Only 502 children aged between 3 and 4 speak Irish daily at home in the
whole of the Gaeltacht. 56% of Gaeltacht children have to attend English
language preschools. 94% of principles of Irish-medium schools said that
sometimes they had no choice but to hire a substitute teacher with little
Irish. The recruitment of full time teachers with fluent Irish in some
Gaeltacht areas is becoming next to impossible.

Critically those who have made a life for themselves in the Gaeltacht are
faced with a state that has a policy of compulsory English. There are seven
Government departments without any Irish language positions at all,
including the Department of Children who are charged with the provisions of
Preschool Education.

When the Department of the Gaeltacht is taken out of the equation, there
are only 29 jobs out of 19,795 with an Irish language requirement in the
state service. This is not reflective of any effort to build a bilingual
state despite the fact that 1,761,420 people self-identified with Irish
speaking ability in the last census. Sociolinguists predict that the
Gaeltacht will survive only ten, perhaps 20 more years at best. This would
be in my view cultural cleansing by Government disinterest.

[image: Peadar Tóibín TD]

Gaeltacht areas have not received fair play economically, and some of the
strongest Gaeltacht areas are among the most deprived of infrastructure and
employment opportunities in the state. Capital funding for Údarás na
Gaeltachta, the body responsible for the economic development of Gaeltacht
areas, has fallen by 70% since 2007. Compare this with a 66% increase in
funding for IDA, and a 42% increase in funding for Enterprise Ireland in
the same time period.

‘Language Planning’, which was hailed by Fine Gael as the saviour of the
Gaeltacht regions, has fallen asunder. 26 different volunteer Language
Planning groups worked to produce a deep and rich seam of plans in order to
rebuild the Gaeltacht, but before any of these plans were read, the
department plucked a paltry funding figure from sky.

There is a palpable sense of disempowerment from the Gaeltacht communities
who have been promised a lot but have been consistently undelivered to.
Ministerial decisions even more sharply reflect political needs than in the
rest of Ireland. The vast majority of capital spending (87%) was in Donegal
in the months since the appointment of Minister of State for the Gaeltacht,
Joe McHugh.

While the Policy on Gaeltacht Education which was introduced last year is
to be commended, the absence of pre-schools in the Gaeltacht School
Recognition Scheme is a real blind spot. It’s absurd that there is no
provision for Gaeltacht school status for pre-schools considering the
majority of children in the Gaeltacht receive their pre-schooling through
English. This will dilute the efficacy of immersive teaching through Irish
in primary schools, with English from the outset the more dominant
language.

Outside of the Gaeltacht there is no plan for the development of Gaelscoil
education despite huge demand. 23% of parents seek Gaelscoil education for
their children while only 5% of primary school children actually receive
it.

The needs of Irish speakers outside of the Gaeltacht are not being met.
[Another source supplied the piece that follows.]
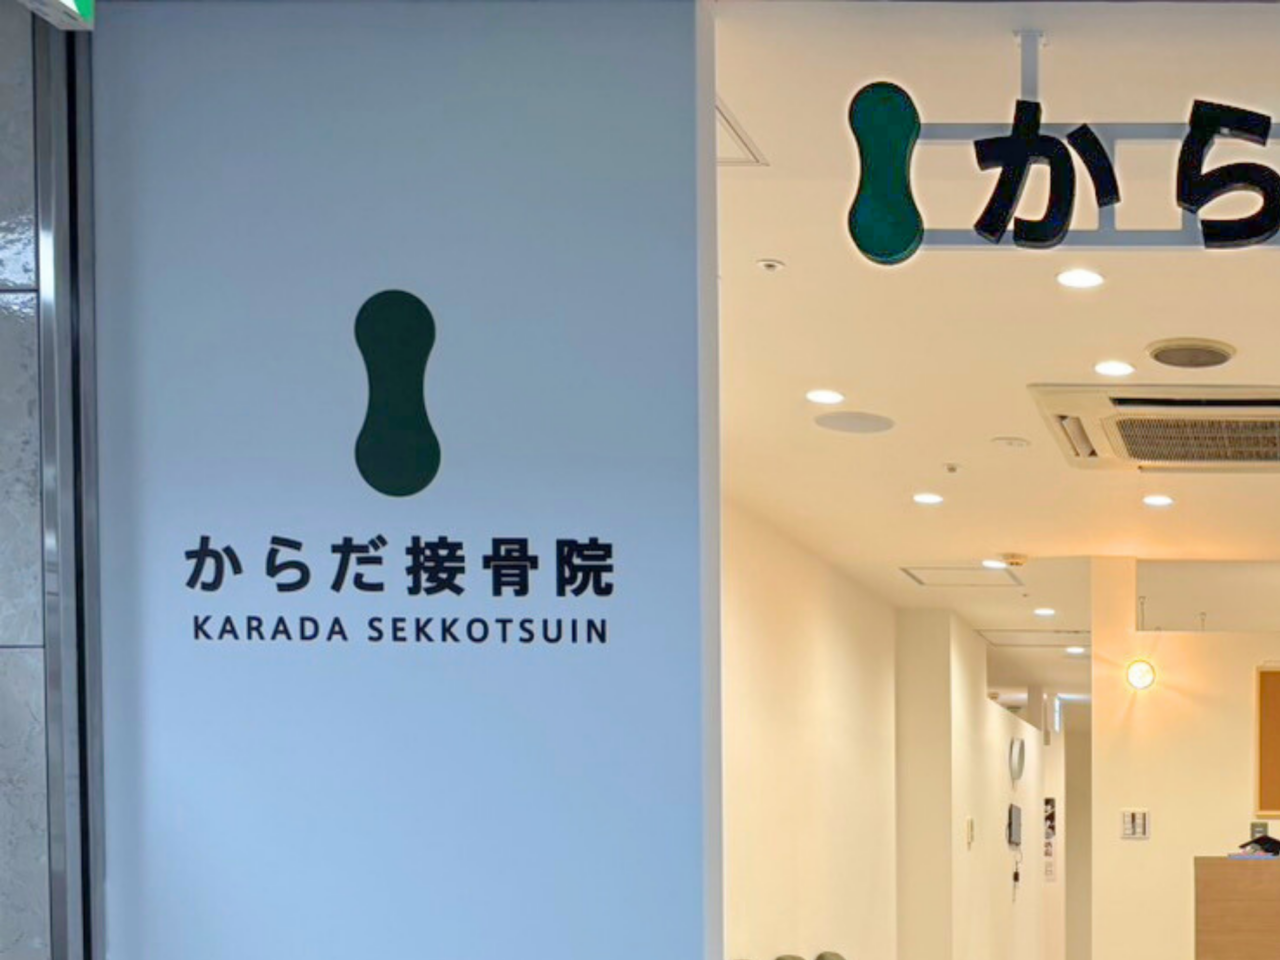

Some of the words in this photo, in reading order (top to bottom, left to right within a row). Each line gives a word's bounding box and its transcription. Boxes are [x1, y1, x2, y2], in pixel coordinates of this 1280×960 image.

[184, 534, 614, 597] からだ接骨院
[193, 615, 348, 641] KARADA
[367, 616, 607, 643] SEKKOTSUIN
A
decade after leaving school the number of those who state they have Irish
falls by half. Leo Varadkar admitted that his Irish went rusty after school
because of the lack of opportunities to use it.

There is no Cultúrlann (Irish Language Centre) in Dublin city centre in
which people of all ages can socialise. Belfast has had a Cultúrlann since
1991.

Personal efforts of a couple of TDs to speak the language aside there is no
vision, plan or leadership. To the Government Irish exists as no more than
a hobby.

Despite all of this there is much positive energy in the Irish language. 67
per cent of the respondents in the south of Ireland and 45 per cent from
the North are positive about the Irish language (ESRI, 2015). Inside the
Gaeltacht some individuals, families and organisations are starting to
stand up for their language rights. Outside the Gaeltacht more and more
people are choosing to play for an all Irish GAA club, raise their children
in Irish and drink in a Pop-Up Gaeltacht Pub.

The decline of Irish and the Gaeltacht is not inevitable but resurgence is
possible - it’s not rocket science. Volumes of research and detailed policy
are available. The Irish language needs a Government who will no longer
kill the language with platitudes and who will draw a line under the past.
It does not need a Government who after teaching everyone Irish then
prevents public services being accessed in Irish. The Irish Government
needs to create a new deal for the language. We need to send a message to
Gaeltacht communities, Irish speaking families, students and adult learners
– ‘speak the language today because tomorrow the language will be stronger,
more extensive and more valuable’.

2018 is Bliain na Gaeilge. It’s time for Government to stand up for Irish
speakers and the Gaeltacht. There will no second chance for the Irish
language.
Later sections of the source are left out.